Pero, señores, ¿es un sueño todo esto?
Muchos son los obstáculos y dificultades con que tropieza la clase obrera en
el camino de sus justas reivindicaciones. A todos los anhelos del proletariado,
a todas las tentativas democráticas se opone la resistencia sórdida o violenta
de la clase privilegiada que detenta el monopolio de la propiedad. Los que hoy
viven del privilegio ejercen una tenaz acción, usando alternativamente la
fuerza o la perfidia; ellos cuentan con el poderío que les da el capital
concentrado en sus ruanos; a ellos corresponde ahora el derecho libérrimo de
dar o negar trabajo; disponen de la oculta influencia de la gran piensa; a su
ventaja juega la dispersión de los esfuerzos que le opone la democracia,
diseminada y absorbida por las preocupaciones del penoso vivir; y mientras el
capitalismo universal forma un compacto bloque, las fuerzas democráticas
aparecen divididas en el mundo y dentro de cada país por la dispersión de sus
grupos y partidos en los parlamentos.
De tal manera, señores, es como se alza un
obstáculo enorme, a la vez recio y blando, ante todo afán de la clase obrera.
Yo digo que la política permanecerá estancada, que la democracia seguirá siendo
un régimen incierto en tanto que no haya sido derribado ese obstáculo. Y digo
también que sólo existe una fuerza, una sola, que pueda demoler el obstáculo y
abrir las rutas del porvenir. Esa fuerza es el proletariado, organizándose por
sí mismo, tomando por la cohesión y conciencia de su fuerza plena conciencia de
su derecho y de su misión histórica.
"La clase obrera lucha por la
humanidad"
Señores: el proletariado no es una clase
mezquina; no es una casta encerrada en el círculo de sus intereses egoístas. La
clase obrera no lucha solamente por ella: yo no me cansaré de repetir -es un
lugar común del socialismo- que lucha por la humanidad entera. Ella no pide la
sustitución de un privilegio por otro privilegio; no dice que al régimen de la
propiedad feudal de la tierra haya de suceder el régimen de la propiedad
mobiliaria; ella no invoca en su beneficio ningún título de privilegio: invoca
un título de humanidad, limitándose a decir que la clase obrera personifica el
trabajo, campo de acción abierto a todo hombre que quiera participar en el
derecho nuevo con esta ejecutoria, la más noble de todas.
El proletariado así concebido podrá reunir
alrededor de sus organizaciones todas las fuerzas dispersas de la democracia y
concentrar en un sólido bloque orgánico, junto a los trabajadores urbanos, al
proletariado campesino, a los modestos propietarios rurales, articulados en
cooperativas, a la pequeña burguesía mercantil y artesana, hoy tan desamparada,
a los técnicos profesionales y al trabajador intelectual.
He ahí, señores, cómo está planteado el
problema para los socialistas.

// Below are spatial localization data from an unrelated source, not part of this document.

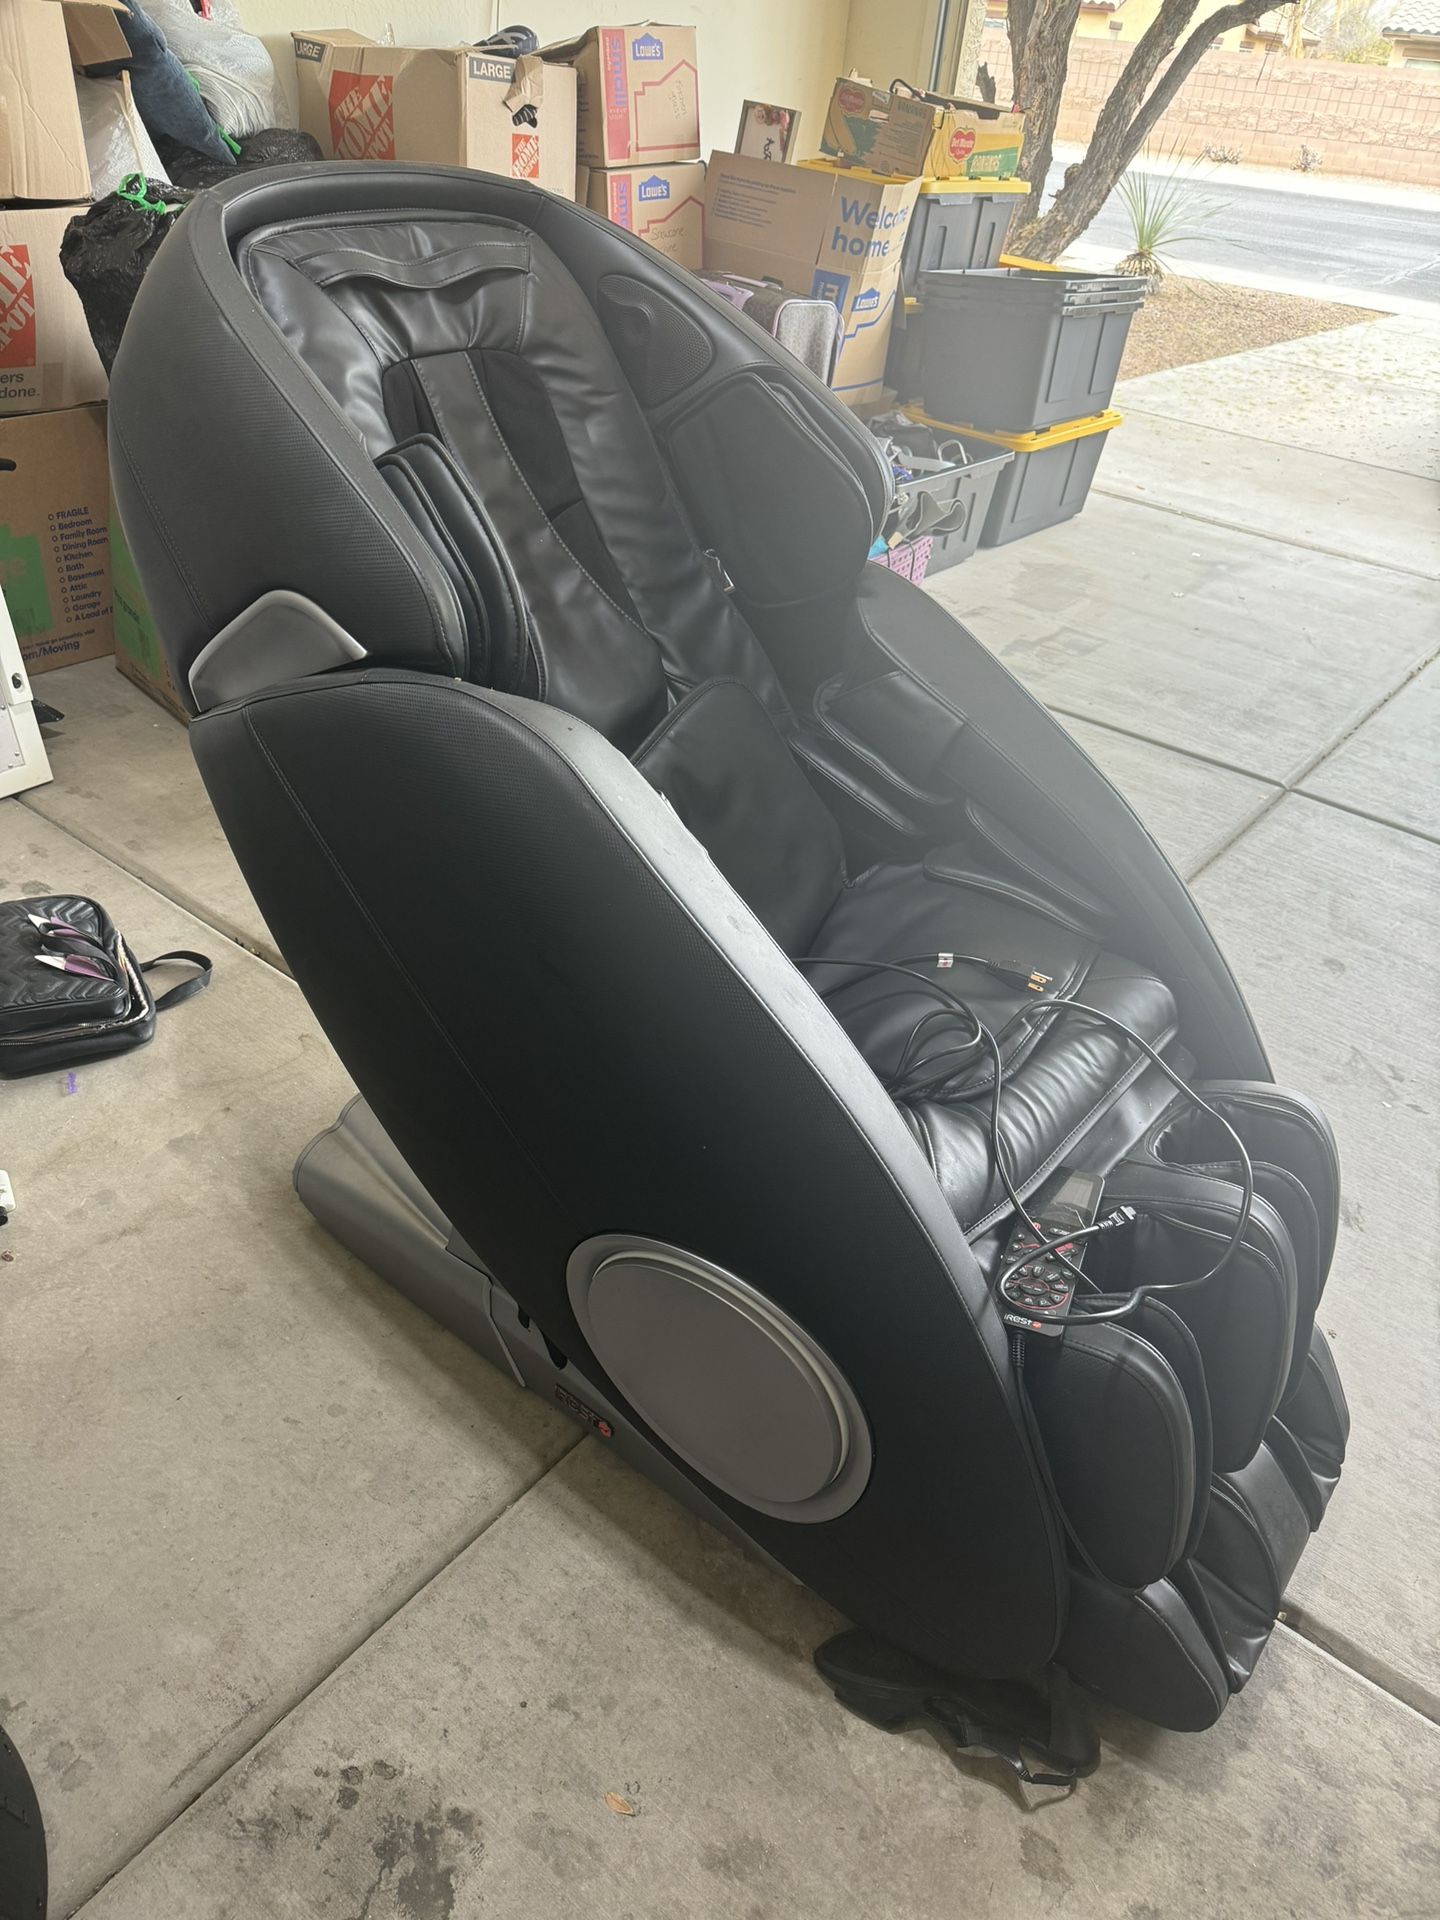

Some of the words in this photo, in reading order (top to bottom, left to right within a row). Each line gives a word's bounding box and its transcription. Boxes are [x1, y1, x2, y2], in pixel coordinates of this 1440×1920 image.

[295, 40, 321, 58] LARGE
[473, 60, 512, 79] LARGE
[832, 226, 890, 257] home
[56, 507, 89, 520] FRAGILE
[58, 519, 93, 530] Bedroom
[60, 531, 86, 542] Family
[86, 526, 107, 537] Room
[62, 541, 87, 552] Dining
[64, 551, 93, 562] Kitchen
[66, 563, 85, 572] Bath
[68, 569, 104, 582] Basement
[69, 583, 88, 593] Attic
[71, 591, 102, 602] Laundry
[73, 602, 101, 612] Garage

Nosotros miramos tranquilos el porvenir. Sabemos
que la Francia, inmovilizada y detenida hoy, recuperará y reanimará su acción
algún próximo día. Motivos hay para maldecir las cosas francesas a la hora
presente; pero en este país existe un resorte de valor incomparable, porque a
la hora decisiva el pueblo francés siempre ha sabido identificar la esencia
misma de la vida con la idea de la revolución y de la justicia social.
Precisamente porque Francia supo cimentar
su vida pública sobre la democracia ha sufrido las más trágicas alternativas de
grandeza y postración. El día que la democracia reniegue de sí misma, todo se
habrá hundido entre nosotros, porque no queda ninguna supervivencia del pasado
capaz de llenar el vacío de la libertad. Pero si por el contrario se juntan y
exaltan todas las fuerzas de la democracia, entonces, libres ya de los
obstáculos tradicionales, el movimiento hacia el progreso podrá ser entre
nosotros admirable y sin parangón ninguno.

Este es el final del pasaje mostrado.